Vou para a segunda sala, fecho as cortinas, para que nem Bud, nem as câmeras possam nos ouvir ou ver. Me sento em uma das cadeiras e Tris senta ao meu lado.

Consigo sentir de longe a sua angústia, algo está errado.

-O que foi? - pergunto, quebrando o silêncio - Como estão indo as simulações?

Tenho medo de sua resposta.

- Muito bem. Parece que bem até demais.

- Ah. - respondo. Como eu imaginava, ela deve estar saindo em um tempo muito curto, o que está fazendo com que se destaque na iniciação.

- Por favor, ajude-me a entender. O que significa ser... O que diabos eu sou? O que isso tem a ver com as simulações?

Minha vontade é de manda-la embora, mas o fundo do meu peito diz para não fazer isso com ela, vou responder suas dúvidas, porém parecendo o mais dura possível. Não gosto de falar da Divergência, lembra muito George e a morte dele ainda me causa dor.

Minha expressão se fecha, apoio as costas na cadeira e cruzo os braços.

- Entre outras coisas, você ... - como explico isso? - você é alguém que tem consciência, quando está em uma simulação, que o que está vivendo não é real. Alguém que pode, portanto, manipular a simulação ou até mesmo encerrá-la. - lembro que foi por causa das simulações da paisagem do medo que fez com que George e Amah fossem descobertos. - E também - me inclino para frente e a encaro - Alguém que, por também ser da Audácia, provavelmente irá morrer.

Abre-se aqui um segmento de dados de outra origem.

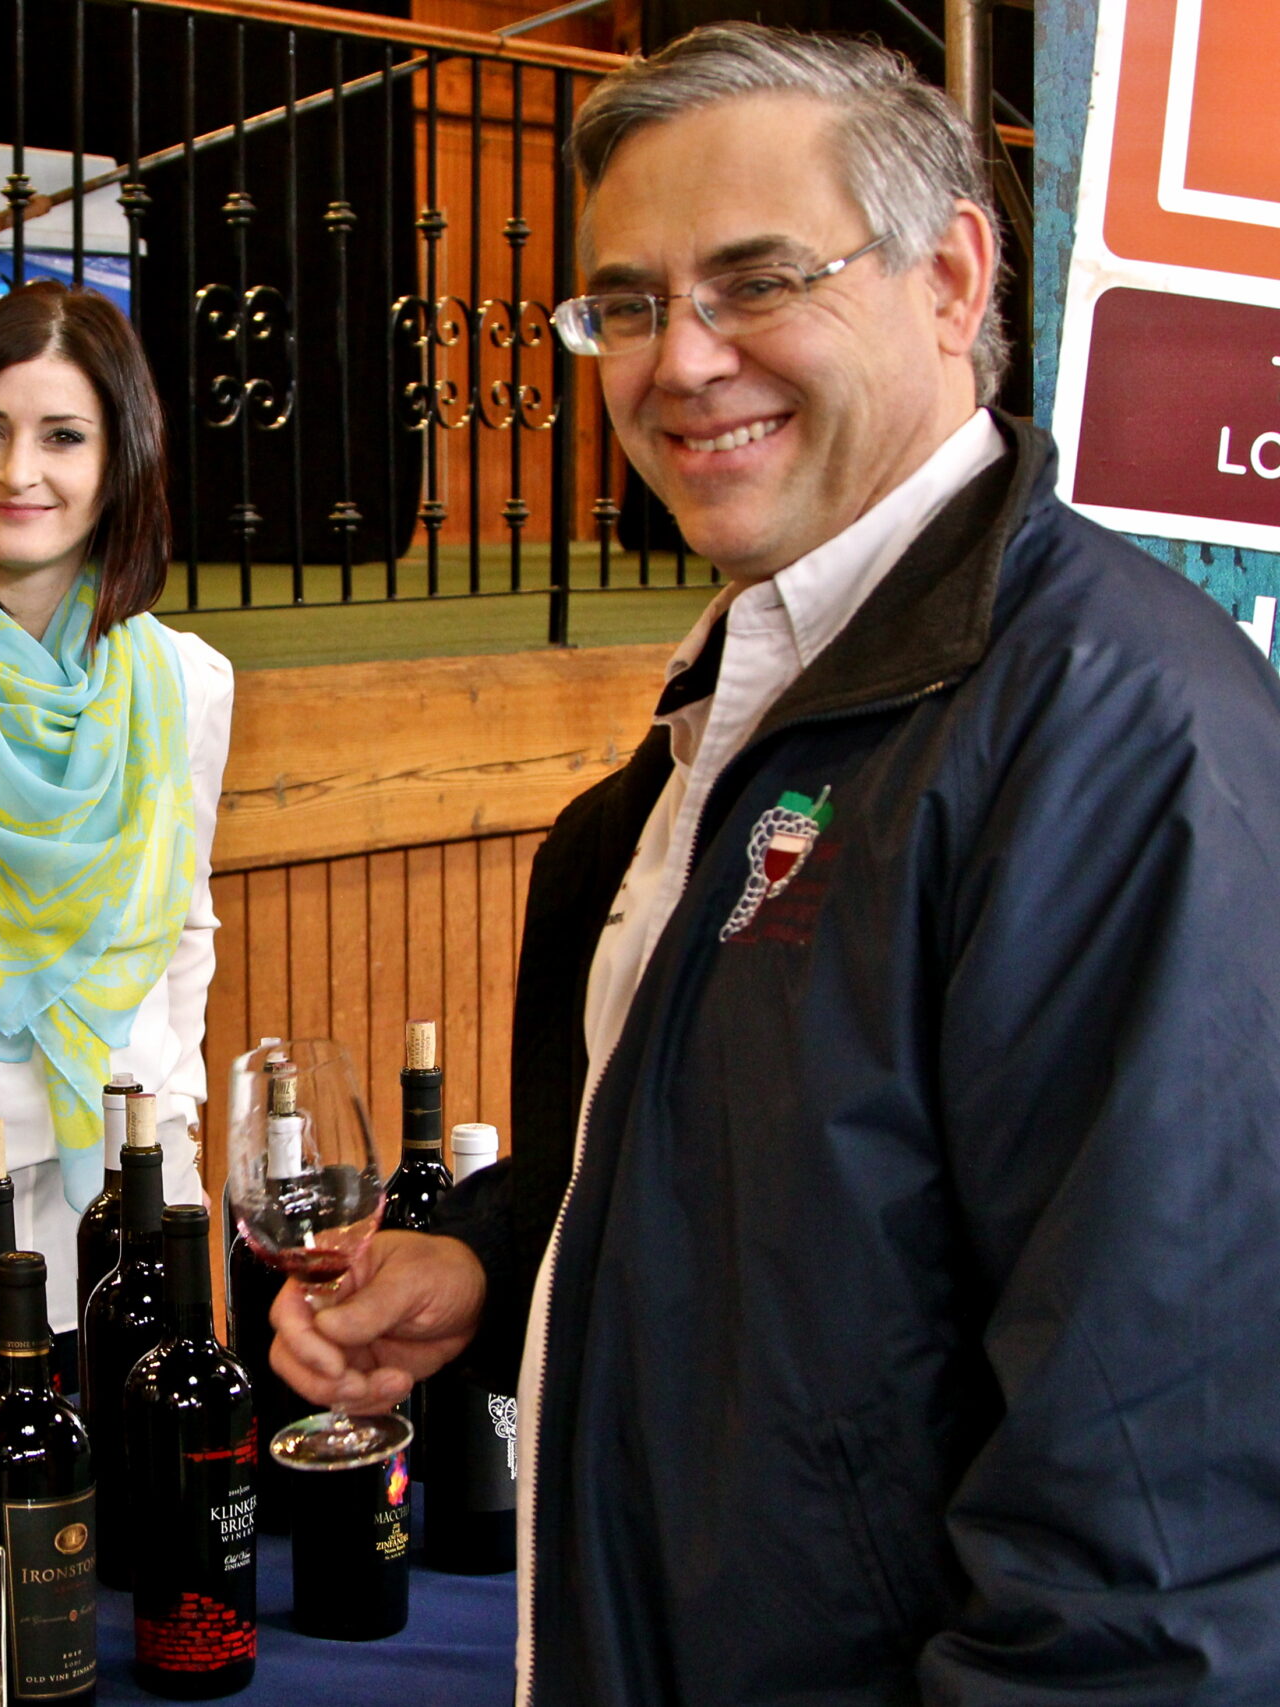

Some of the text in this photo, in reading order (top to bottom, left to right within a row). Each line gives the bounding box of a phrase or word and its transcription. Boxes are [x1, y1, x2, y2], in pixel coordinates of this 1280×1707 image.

Ela fica quieta por um tempo e parece que vai entrar em pânico, mas ao invés disso, ela solta uma risada seca e depois diz:

- Então eu vou morrer?

- Não necessariamente. - explico - Os líderes da Audácia ainda não sabem a respeito de você. Eu apaguei os resultados do teste de aptidão do sistema imediatamente e cadastrei o seu resultado manualmente como Abnegação. Mas pode ter certeza: se eles descobrirem o que você é, eles vão te matar.

Eu a encaro, enquanto ela me observa, quando contei a Lauren e Nikki sobre a verdade da morte de George elas disseram eu estava ficando louca. Mas Tris é como meu irmão e ela parece confiar em mim.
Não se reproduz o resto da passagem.